Elkin Shipyards: Status of the Cortina

Posted on Mon Nov 21st, 2016 @ 1:26pm by Captain Braedyn Tann

Mission: Meet me at the Crossroads
Location: Elkin Shipyards
Timeline: Late Afternoon, MD1


Braedyn Tann, Master of the SS Juan Cortina hunched into the old style red and white Starfleet field jacket he’d ‘appropriated’ while he was still in Starfleet, just before they went out of service. It provided excellent protection from the cold and wet, and the outside areas of Polar City, Rigel IV’s predominantly Human colony, could get very cold and wet. It was the end of the day and Braedyn was headed to the shipyards to meet with the yard boss of Elkin Shipyards. They had been refitting and upgrading the Juan Cortina and Braedyn was looking for an update on their progress.

Braedyn had known Alaysia Ronn since they were kids together.

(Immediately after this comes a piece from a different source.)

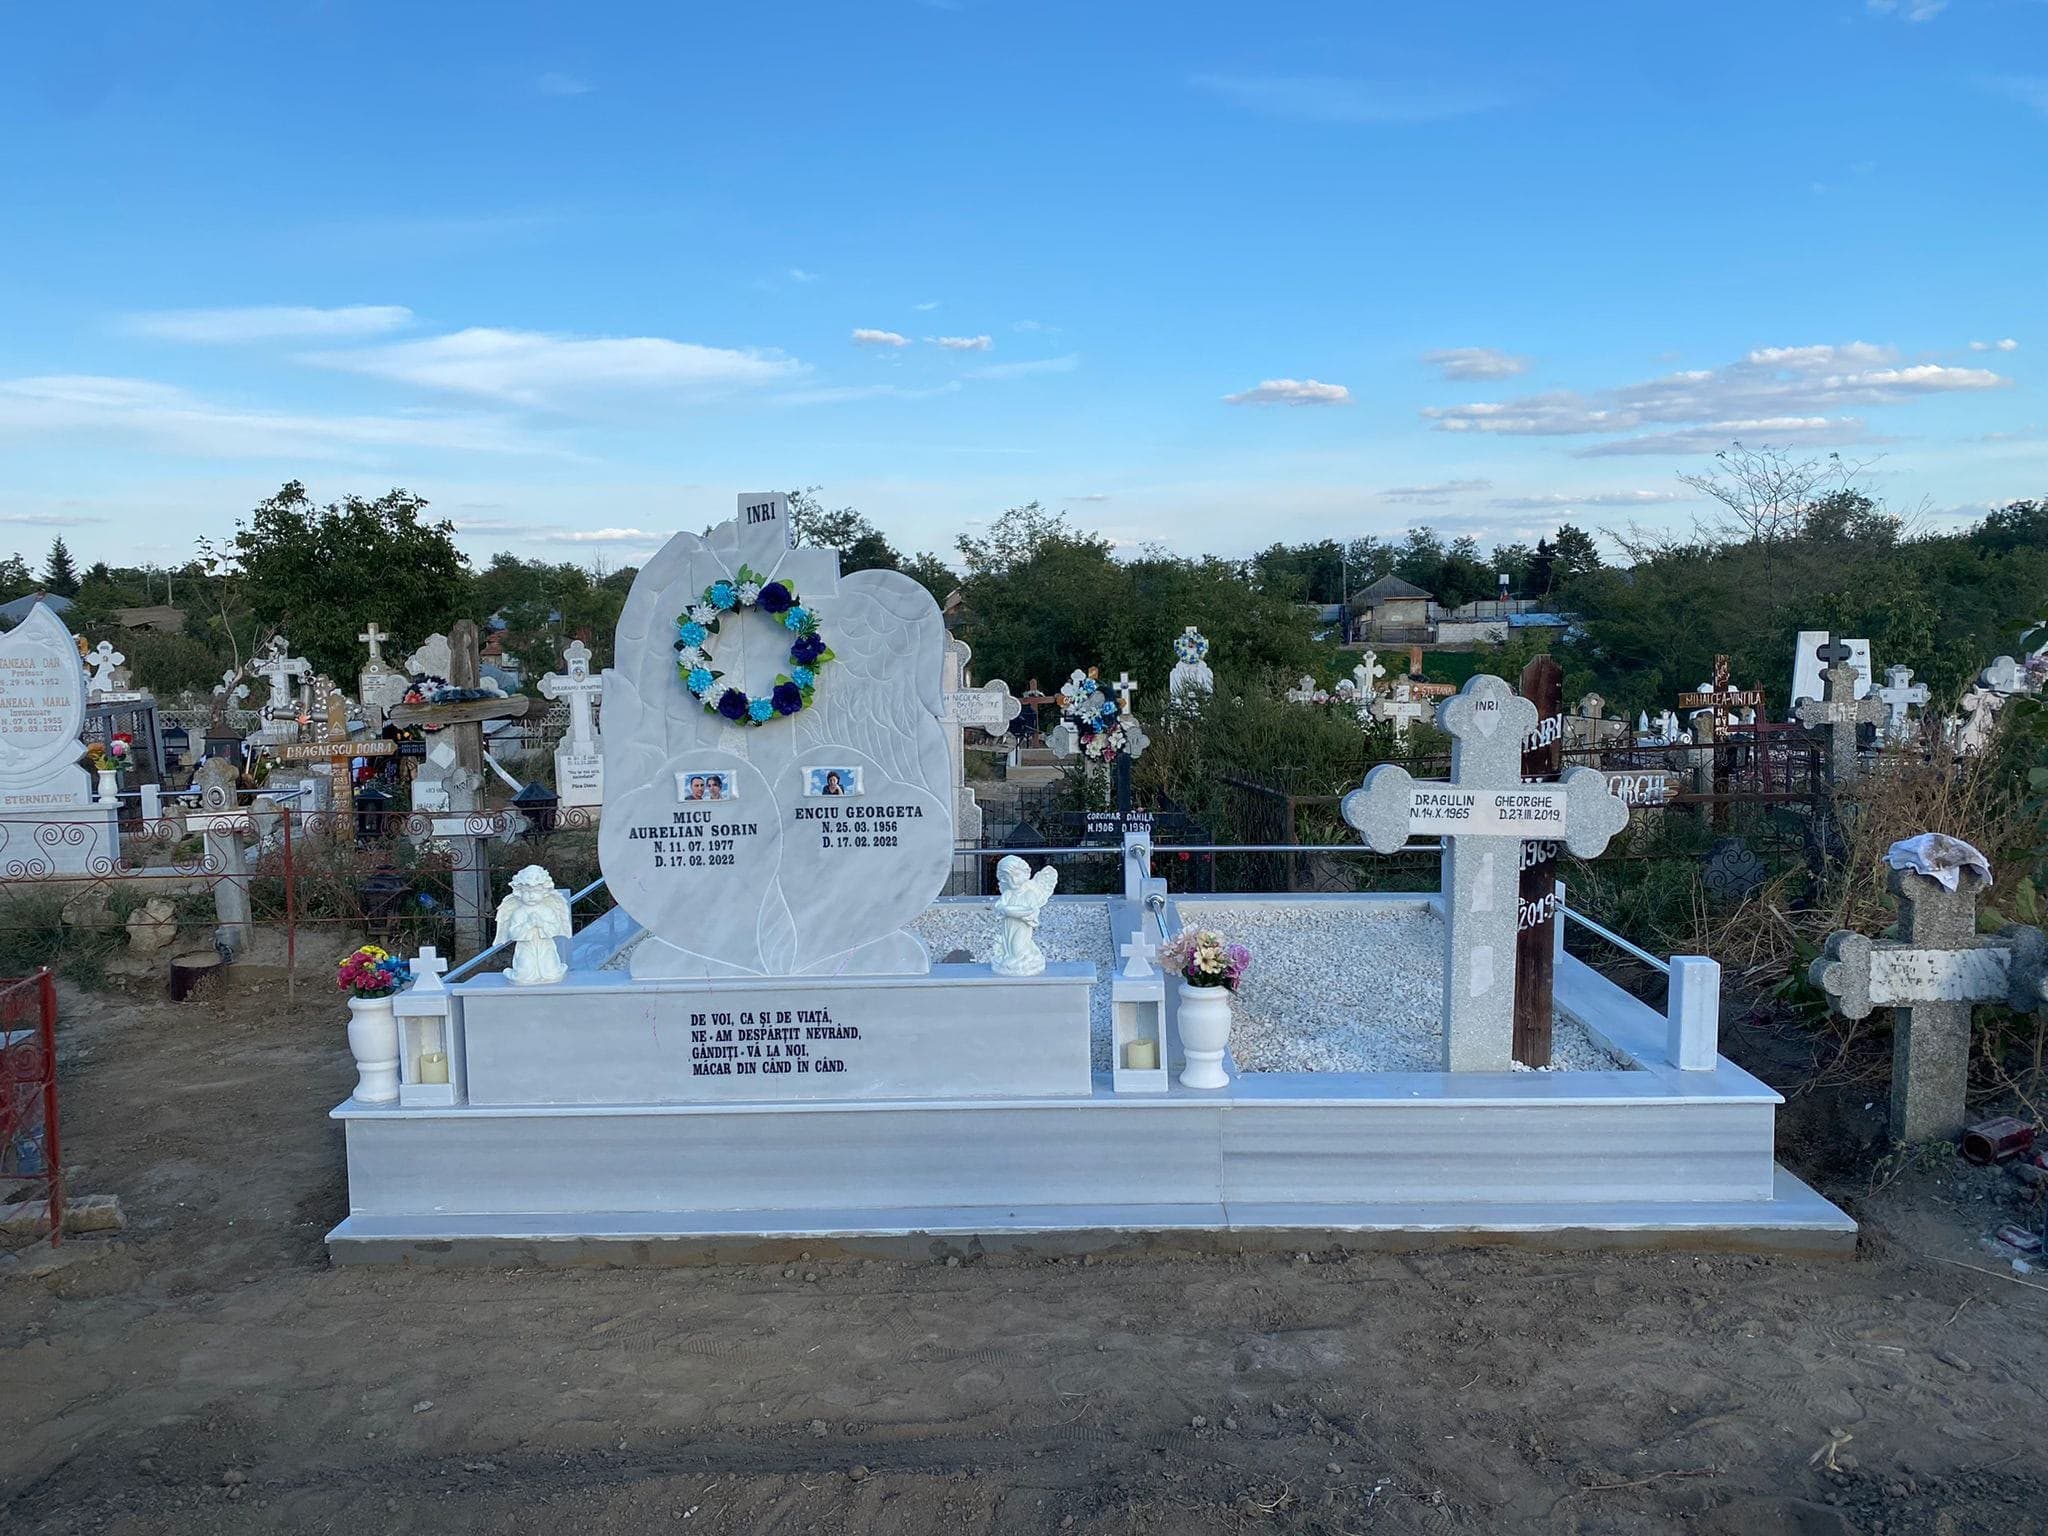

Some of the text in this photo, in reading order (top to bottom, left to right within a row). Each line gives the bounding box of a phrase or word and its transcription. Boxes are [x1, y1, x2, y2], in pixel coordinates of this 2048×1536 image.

Alaysia was the niece of Callam Elkin, the CEO of Elkin Shipyards. Callam had encouraged the Alaysia’s love of technology and helped her get into the Starfleet Merchant Space Service Academy, where she had studied Engineering. After a tour as a SFMSS engineer, Alaysia returned to Rigel IV where Callam hired her on at his company. She was a brilliant engineer and between her and Cal, Braedyn knew his ship was in good hands. He arrived at Elkin Shipyards and was passed through security. He found Cal and Alaysia in one of the labs going over blue prints and making notes. He recognized the plans as those of his ship. Alaysia saw him first.

“Brae!” she said walking over to him and giving him a warm hug. The two had been…close when they were teenagers and Braedyn still got a thrill when she pressed her warm body up against his. “The Cortina is almost ready. Come look.”

She led him over to the display.

“Hello, son,” Callam Elkin said. “Ready to see the magic we’ve worked?”

“Yes, sir,” Braedyn said.

“How many times have I got to tell you, son,” said Callam, a vigorous man in his eighties. “It’s Cal! We’ve known each other for around…what? Fifty years?”

“That sounds about right…Cal,” Braedyn said.

“Good,” Cal replied. “That’s better. Now come look at this! Everything has either been refit or upgraded or in some cases, both. Computers, sensors, shields, engines, weapons, everything. We even contacted Andoria and had them send us the latest version of that Weapon Signature Dampening Field you like so much. Must be nice to do whatever it is you do for Starfleet. I suppose that comes in handy. You may have Federation and Starfleet licenses for all that firepower you have installed but I bet it helps not to have to explain yourself over and over to Starfleet authorities or anyone else you might run into. With that in mind, you’ll notice here that we installed that cloaking device of yours in a way that it wouldn’t be noticed during a spot inspection. I mean, if they really tear your engine room apart, they’re going to find it. It can’t make itself invisible or intangible. But a basic inspection wouldn’t find it. We did the same with the WSDF.”

Braedyn looked over the blueprints and smiled.

“How soon will she be ready?” he asked.

Alaysia smiled.

“I say a week,” she said. “But Uncle Cal says two. We’re going to see who’s right.”

Braedyn chuckled. Alaysia was enthusiastic…about everything she did. He wondered if she’d have any more free time before he left. They’d already had few passionate, intimate, no strings attached encounters since he’d arrived at Polar City.

“I’ll wait the extra week if it means the Cortina will be better prepared,” he said.

“See,” Cal said. “I told you he wouldn’t mind the wait. You don’t even have a crew for her yet, do you?”

Braedyn sighed.

“No,” he said. “Haven’t found anyone I’ve clicked with yet. I’m going to widen the search to include some of the other planets in the system and see what turns up.”

Alaysia laughed.

“You’re just looking for an excuse to go to Rigel II and get your ashes hauled by one or more young, nubile Orion girls!”

Braedyn grinned.

“Maybe,” he said. “Can you blame me? They’re a lot cleaner there than they are at Sathura or on Rigel X.”

Alaysia made a face.

“Ew, gross,” she said. “Don’t make me lose my lunch. Well, go have fun. Some of us have work to do.”

“Okay,” Braedyn said. “I’ll get out of your way.”

They all said their goodbyes for now and Braedyn left Elkin Yards in search of a drink. He considered stopping off at the Rusty Rivet, a favorite of the local yard workers, but decided he wanted a warmer environment. There was a jazz club he liked inside Polar City’s environs, away from the winter cold of the yards. He decided to head there.